Image-backed grounding data
__________________________________________________
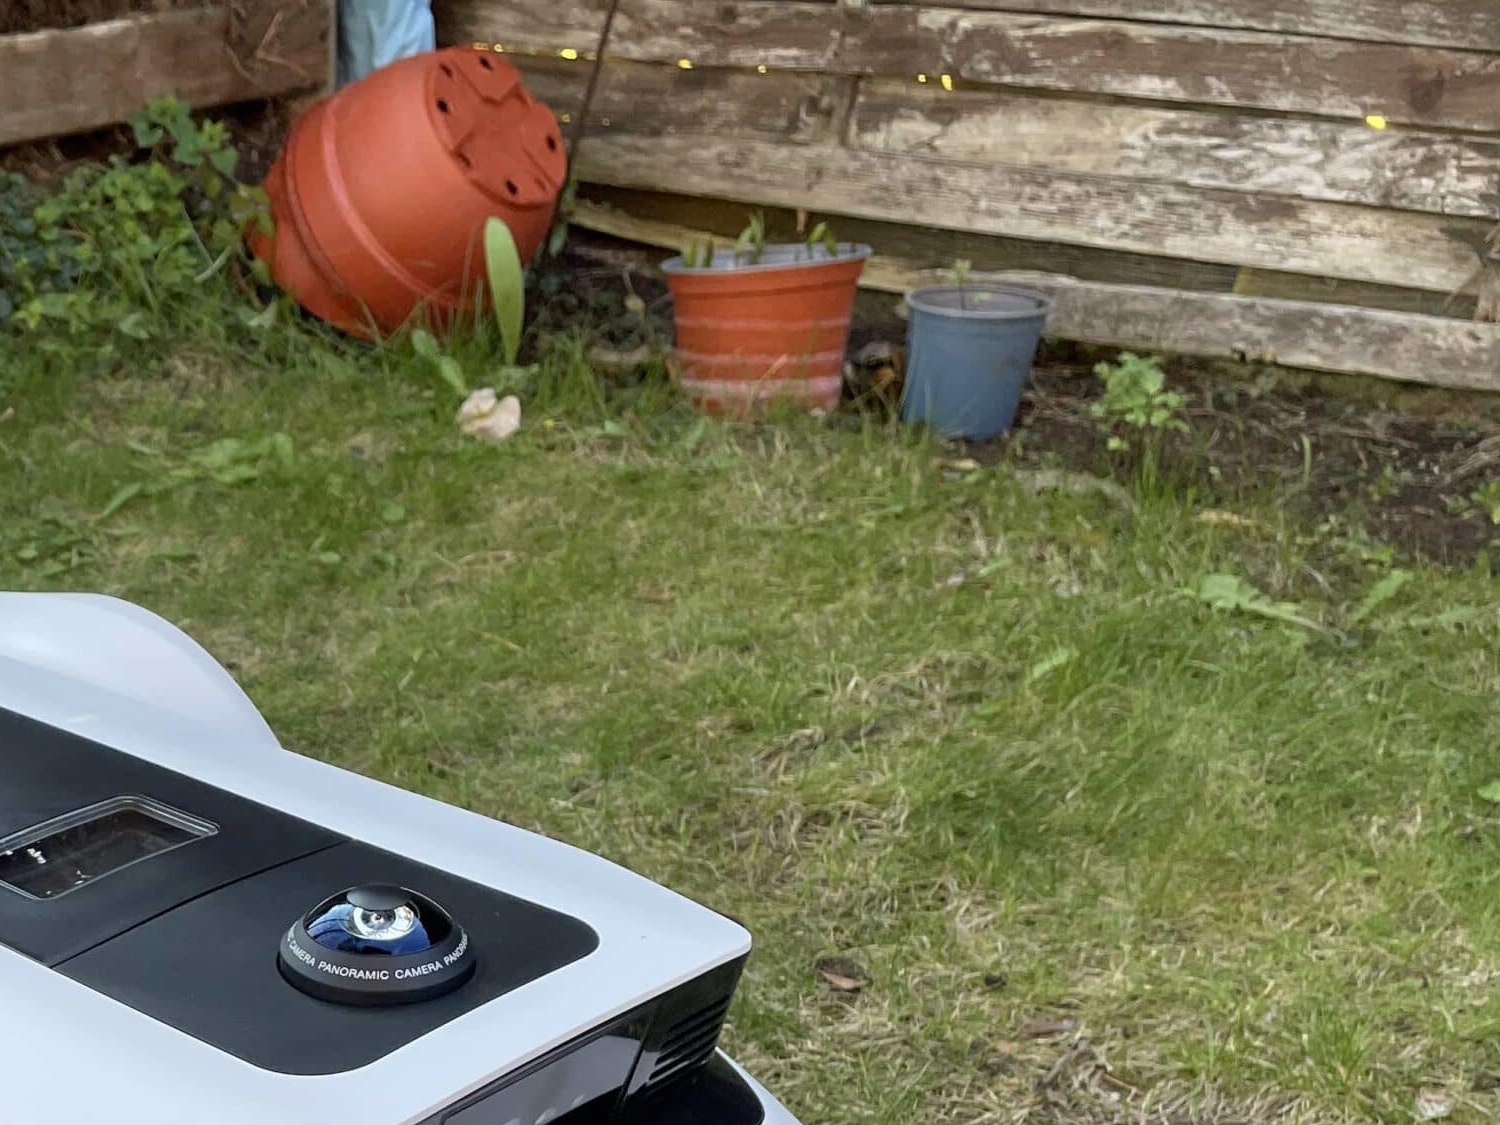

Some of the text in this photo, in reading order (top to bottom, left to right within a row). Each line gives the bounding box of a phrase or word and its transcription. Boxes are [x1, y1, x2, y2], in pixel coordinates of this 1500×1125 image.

[289, 940, 316, 967] CAMERA
[318, 960, 390, 980] PANORAMIC
[394, 961, 443, 979] CAMERA
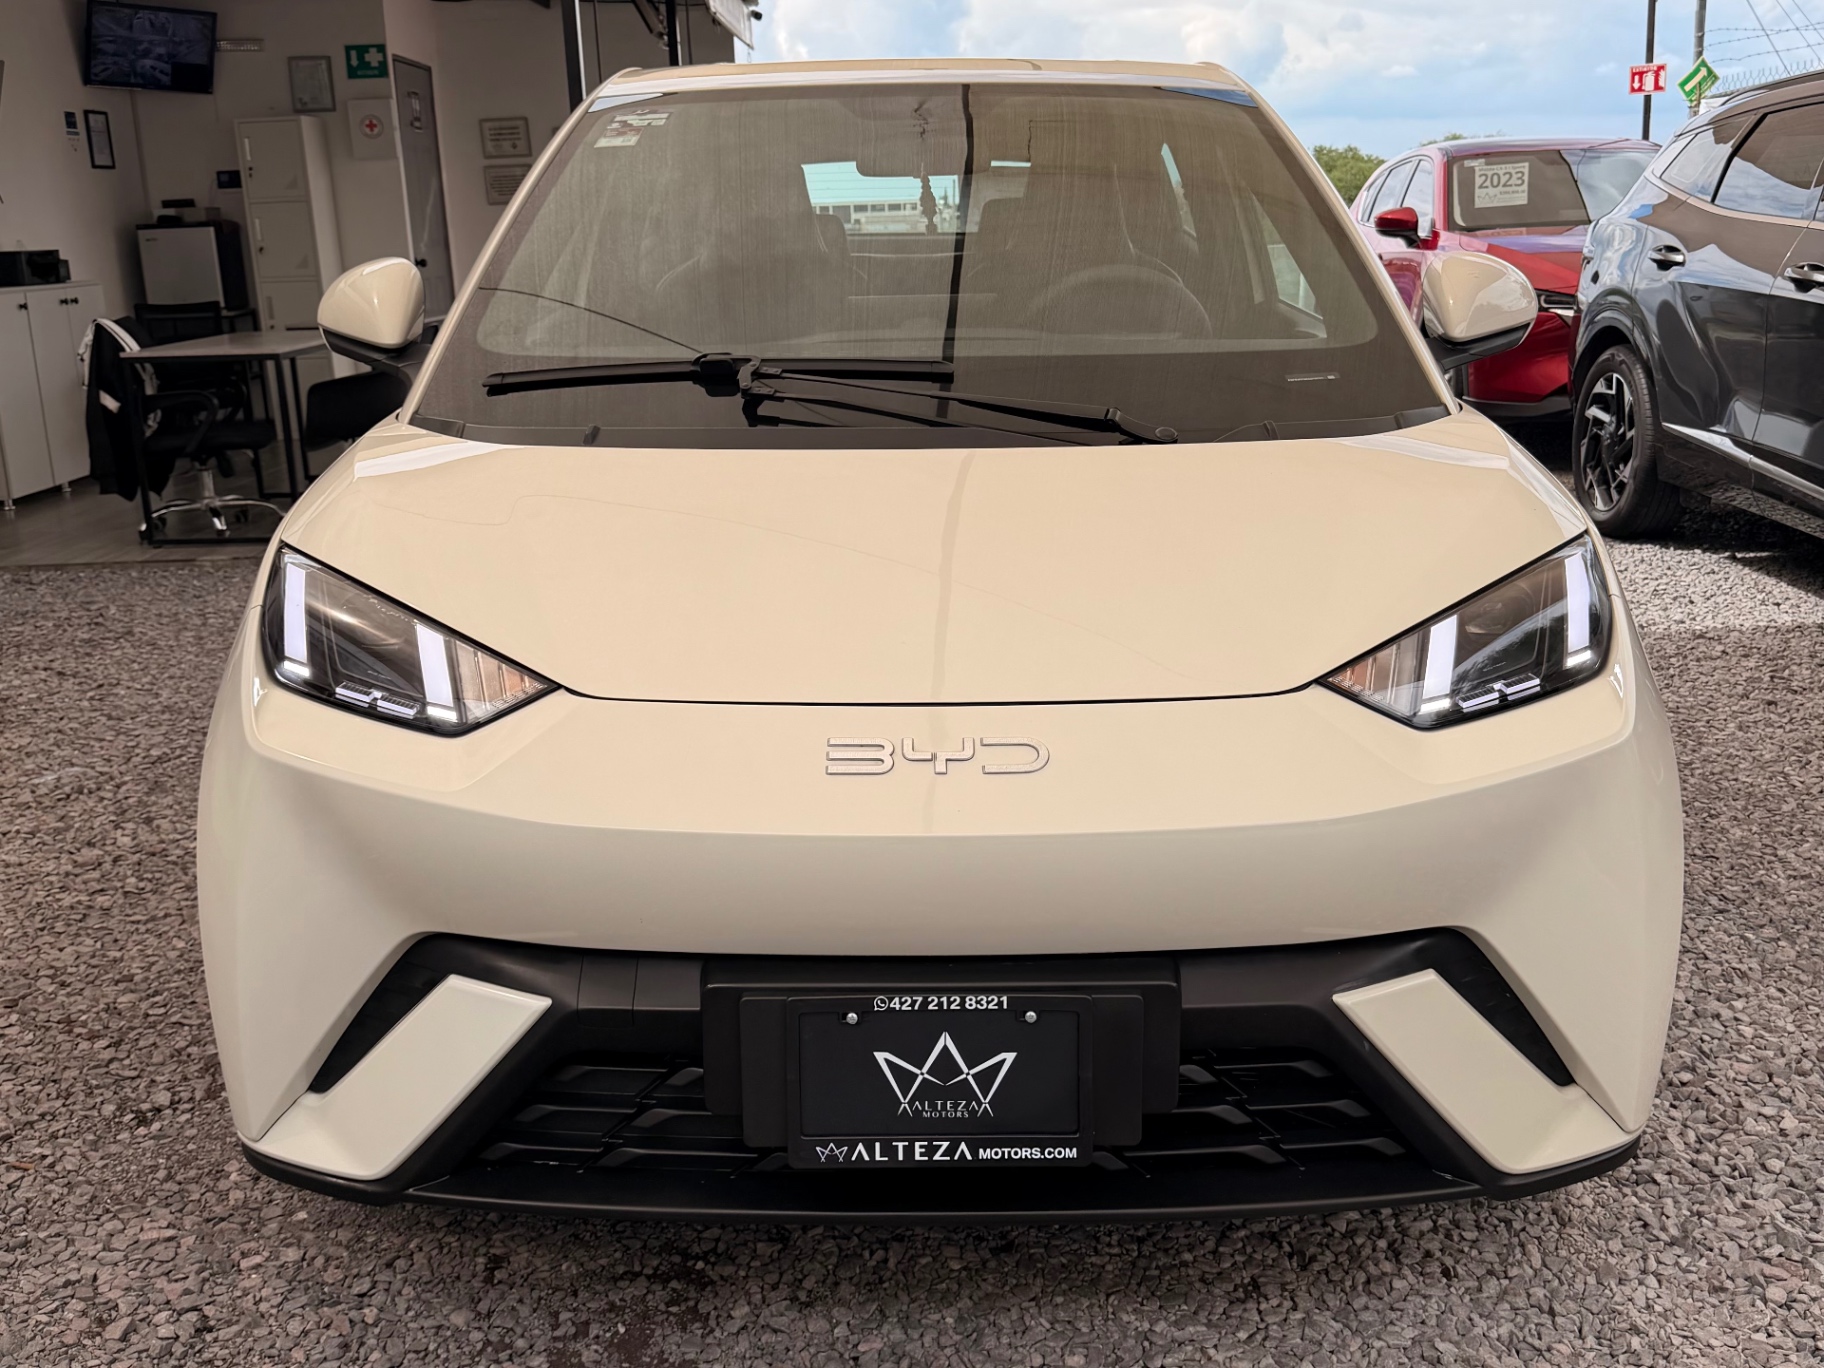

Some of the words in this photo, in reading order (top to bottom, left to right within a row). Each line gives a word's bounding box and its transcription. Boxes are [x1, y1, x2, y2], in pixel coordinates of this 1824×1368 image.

[1477, 171, 1525, 189] 2023
[825, 737, 1050, 775] BYD
[890, 996, 923, 1010] 427
[927, 997, 961, 1010] 212
[965, 996, 1008, 1010] 8321
[912, 1100, 979, 1111] ALTEZA
[851, 1141, 973, 1161] ALTEZA
[978, 1147, 1077, 1160] MOTORS.COM
__________________________________________________
> _What you need to do_: If a record holds a picture, leave the picture out, but repeat every line exactly.

> _Task response_:
Some of the text in this photo, in reading order (top to bottom, left to right within a row). Each line gives the bounding box of a phrase or word and its transcription. Boxes are [x1, y1, x2, y2], in pixel coordinates of this 1500×1125 image.

[289, 940, 316, 967] CAMERA
[318, 960, 390, 980] PANORAMIC
[394, 961, 443, 979] CAMERA

Some of the words in this photo, in reading order (top to bottom, left to right within a row). Each line gives a word's bounding box and its transcription. Boxes are [x1, y1, x2, y2], in pixel coordinates of this 1824×1368 image.

[1477, 171, 1525, 189] 2023
[825, 737, 1050, 775] BYD
[890, 996, 923, 1010] 427
[927, 997, 961, 1010] 212
[965, 996, 1008, 1010] 8321
[912, 1100, 979, 1111] ALTEZA
[851, 1141, 973, 1161] ALTEZA
[978, 1147, 1077, 1160] MOTORS.COM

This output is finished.